7. The data analysis-based all-solid-state battery performance testing method according to claim 6, wherein the screening of the scheme to be analyzed includes: The scheme with the shortest duration is selected as the baseline scheme, with a duration of Lz; Other options duration J i Options ≤1.5×Lz are considered as candidate options; those exceeding this value are not included. When there are multiple candidate schemes, the two shortest schemes plus the benchmark scheme are taken as the schemes to be analyzed. If there is a set of candidate solutions, the set plus the benchmark solution is taken as the solution to be analyzed; if there are no candidate solutions, the benchmark solution is taken as the optimal solution.

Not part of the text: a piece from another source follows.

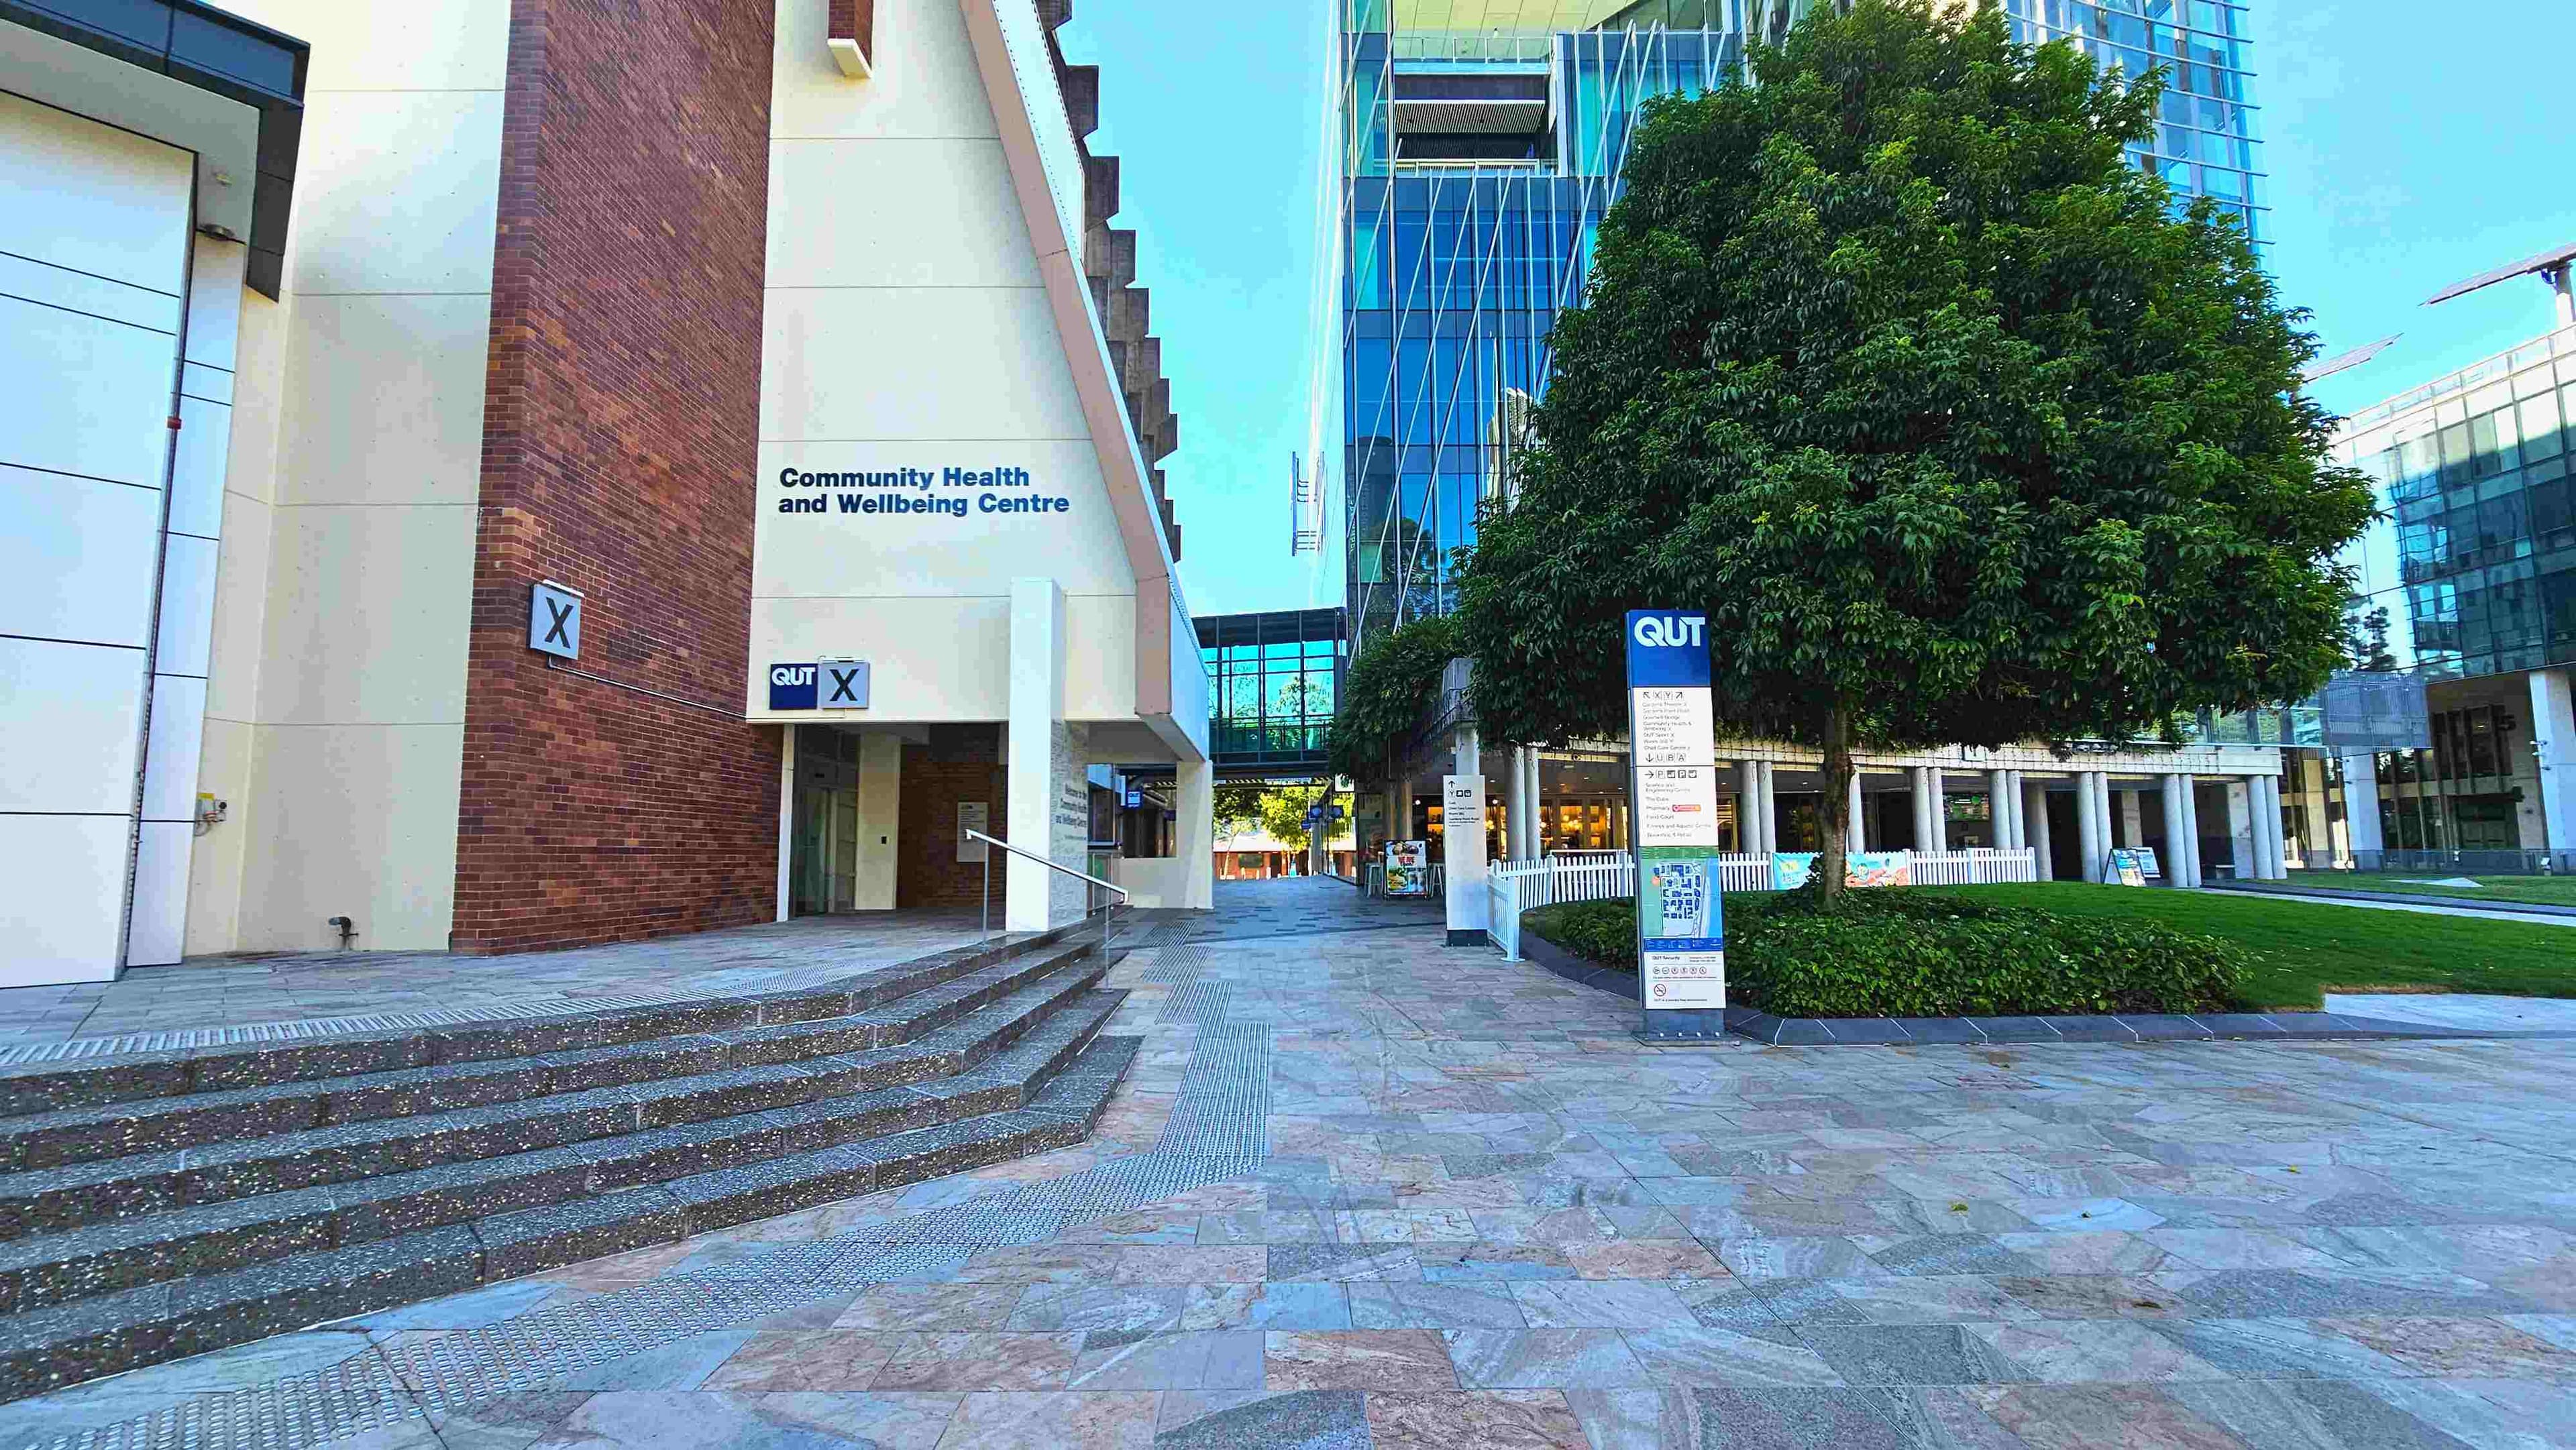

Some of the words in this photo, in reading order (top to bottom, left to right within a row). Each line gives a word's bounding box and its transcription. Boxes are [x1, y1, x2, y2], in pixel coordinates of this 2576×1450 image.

8. The data analysis-based all-solid-state battery performance testing method according to claim 6, wherein the step-by-step elimination of invalid and abnormal segments includes: Calculate the time T3 to reach the first anomaly segment. If it falls within a uniform period, calculate the total anomaly duration JL and obtain PD. q ; If it does not fall into the category, the first abnormal segment is removed, the remaining abnormal cycles are merged, the time to reach the new first abnormal segment is recalculated, and the judgment is repeated until the scoring is completed.
9. In the data analysis-based all-solid-state battery performance testing method according to claim 6, the optimal auxiliary test item is determined by minimizing the waiting time DPv, and the waiting time is calculated by queuing number, new addition rate, processing efficiency and movement time.